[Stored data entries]
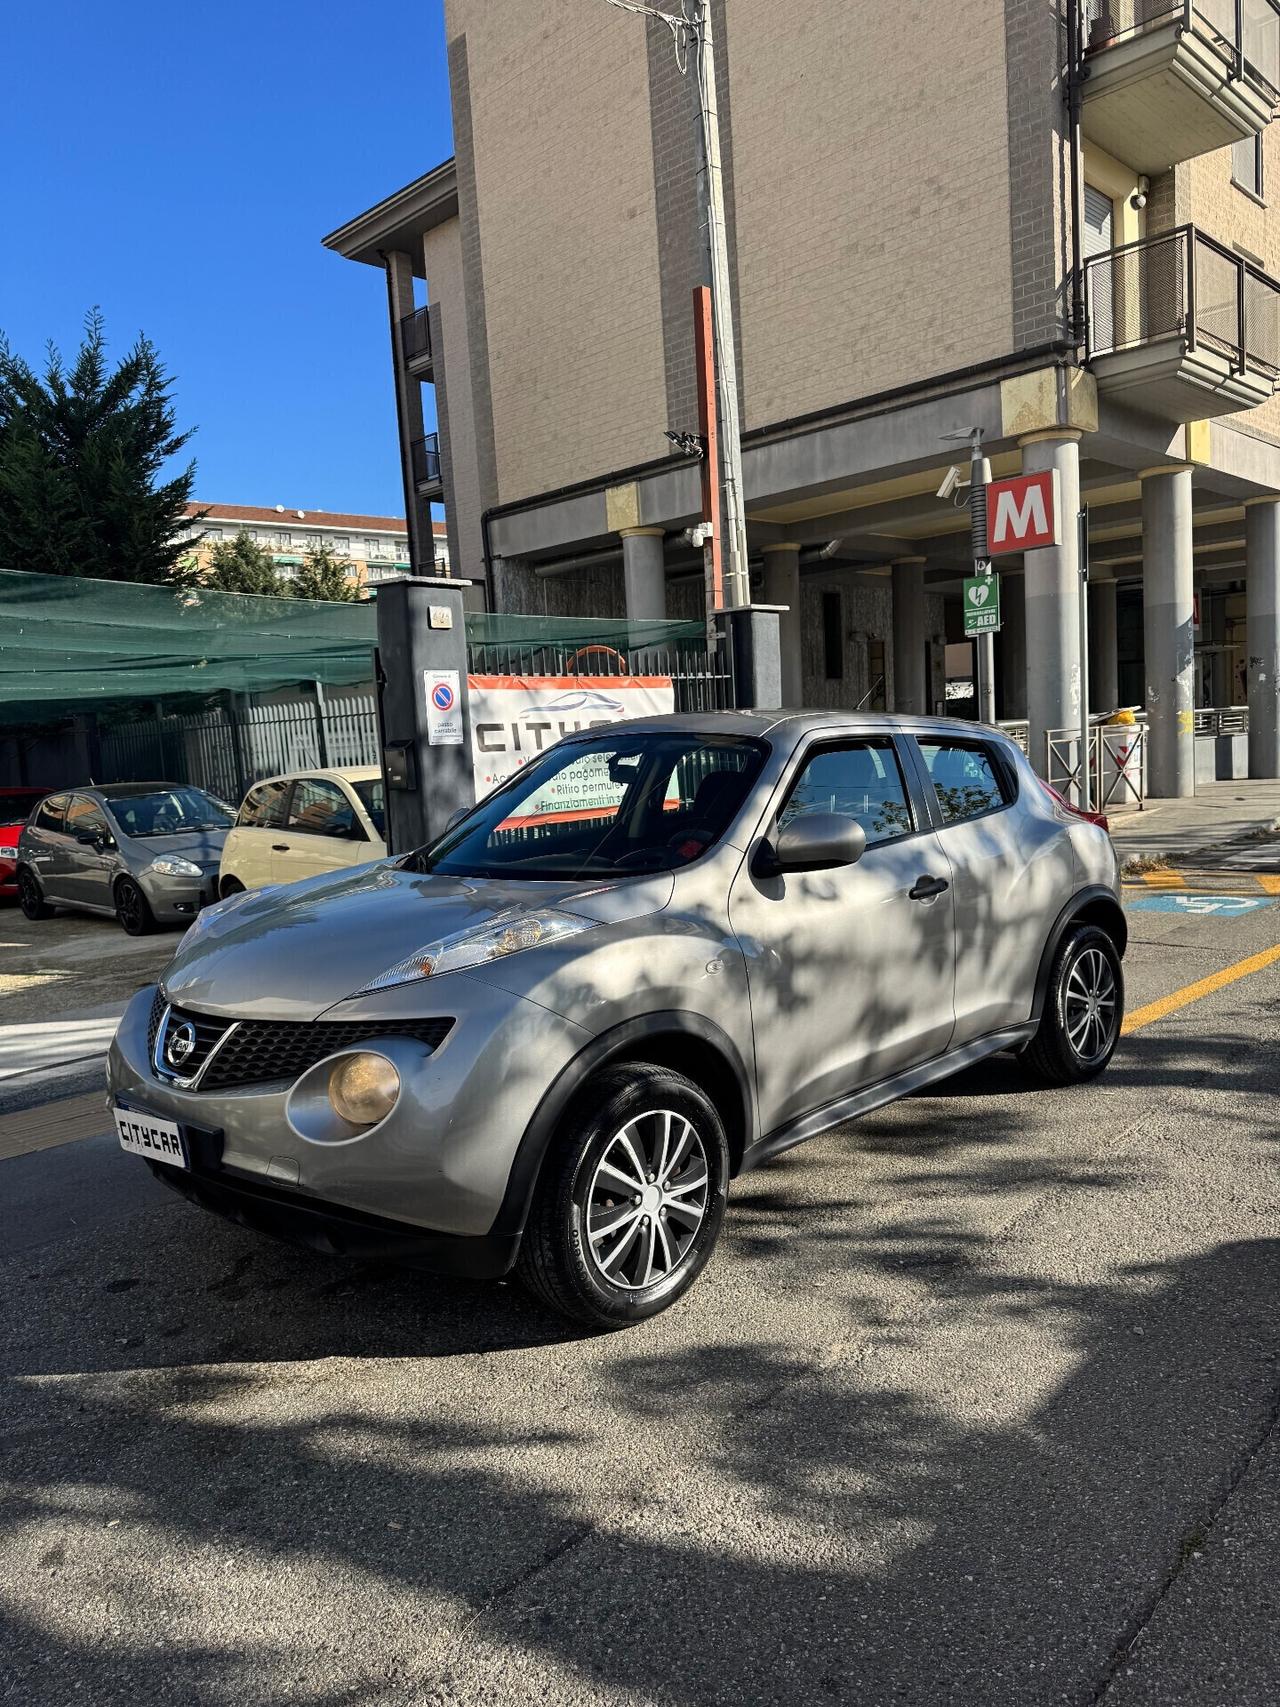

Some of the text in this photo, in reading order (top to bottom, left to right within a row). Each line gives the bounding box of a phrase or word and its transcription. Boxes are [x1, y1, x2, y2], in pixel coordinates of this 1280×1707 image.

[993, 484, 1049, 543] M
[977, 615, 996, 626] AED
[556, 783, 580, 795] Ritiro
[540, 793, 605, 812] Finanziamenti
[119, 1120, 182, 1157] CITYCAR

Exercise goal
Reproduce all entries without any change, and omit the pictures.

Task solution
Some of the text in this photo, in reading order (top to bottom, left to right within a row). Each line gives the bounding box of a phrase or word and its transcription. Boxes are [x1, y1, x2, y2], in pixel coordinates of this 1280×1707 image.

[993, 484, 1049, 543] M
[977, 615, 996, 626] AED
[556, 783, 580, 795] Ritiro
[540, 793, 605, 812] Finanziamenti
[119, 1120, 182, 1157] CITYCAR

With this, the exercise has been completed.